WHAT IS BEING ASKED
Every entry must be set down exactly in the answer; no pictures should appear.

=== DATA FOR REVIEW ===

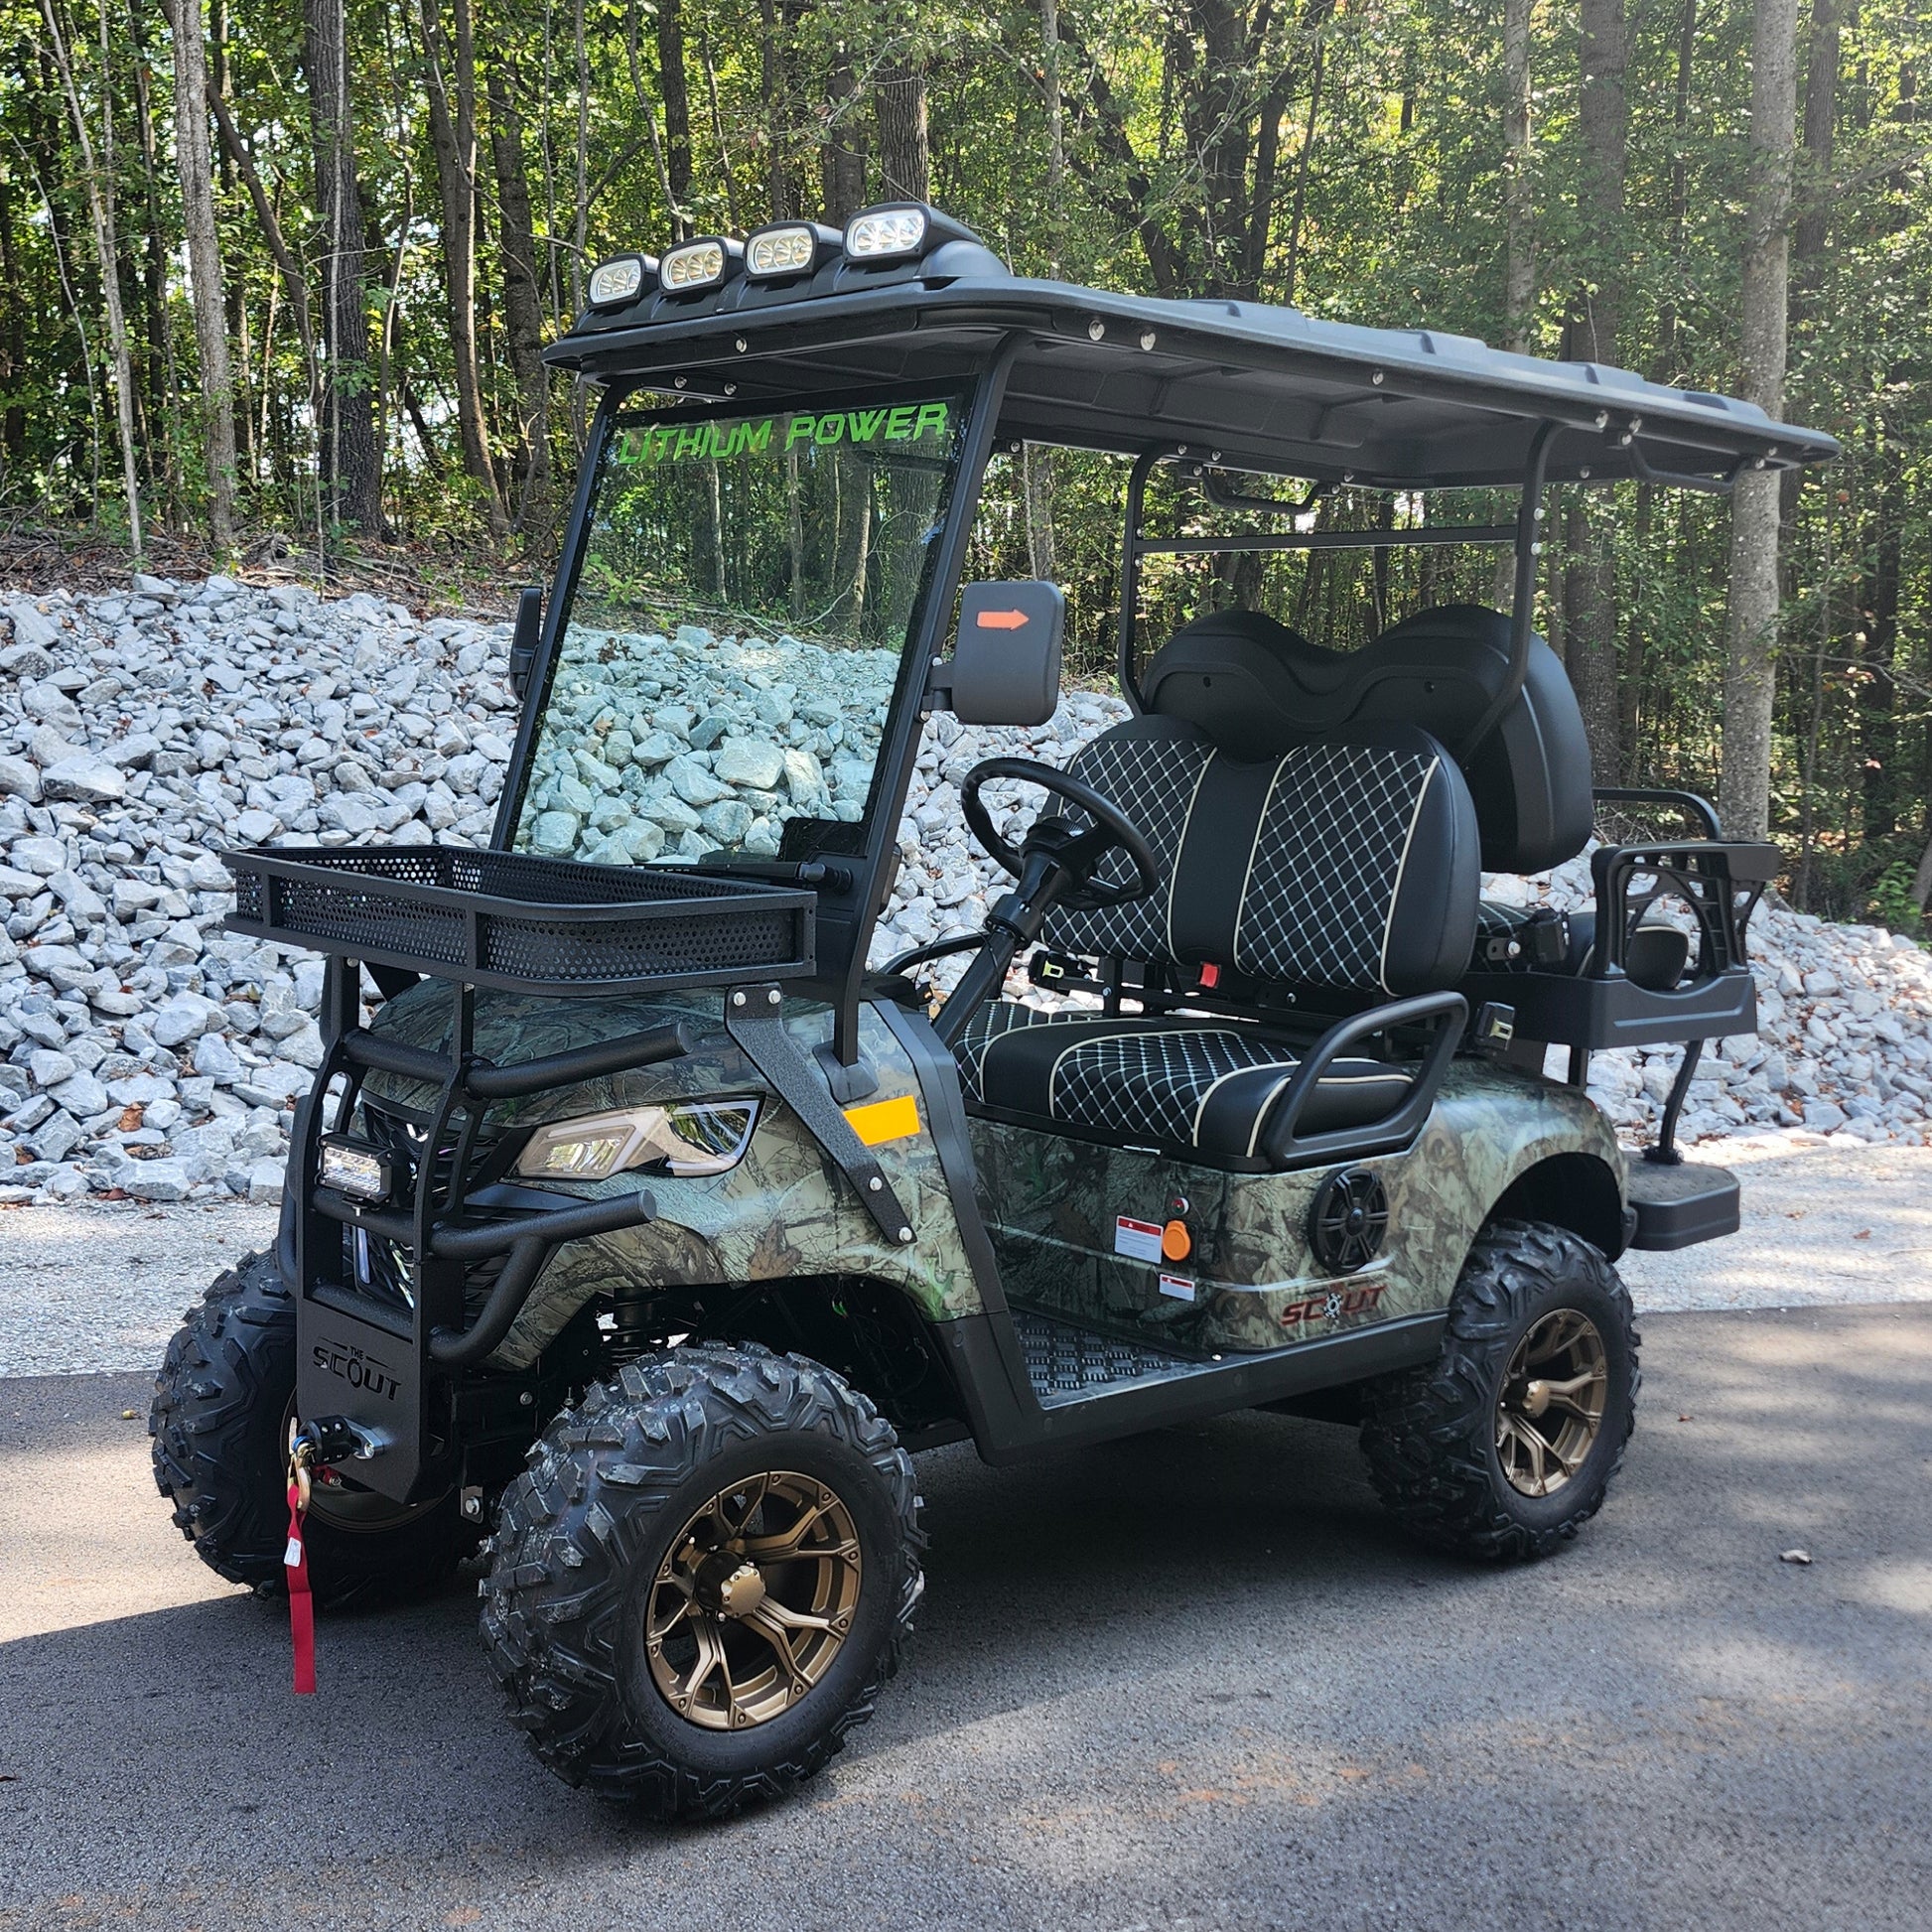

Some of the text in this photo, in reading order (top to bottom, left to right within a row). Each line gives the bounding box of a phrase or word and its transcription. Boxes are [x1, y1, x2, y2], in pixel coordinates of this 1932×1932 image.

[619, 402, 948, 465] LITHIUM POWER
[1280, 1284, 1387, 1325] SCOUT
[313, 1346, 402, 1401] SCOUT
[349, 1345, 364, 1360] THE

===

FINISHED TASK
Some of the text in this photo, in reading order (top to bottom, left to right within a row). Each line gives the bounding box of a phrase or word and its transcription. Boxes are [x1, y1, x2, y2], in pixel coordinates of this 1932×1932 image.

[619, 402, 948, 465] LITHIUM POWER
[1280, 1284, 1387, 1325] SCOUT
[313, 1346, 402, 1401] SCOUT
[349, 1345, 364, 1360] THE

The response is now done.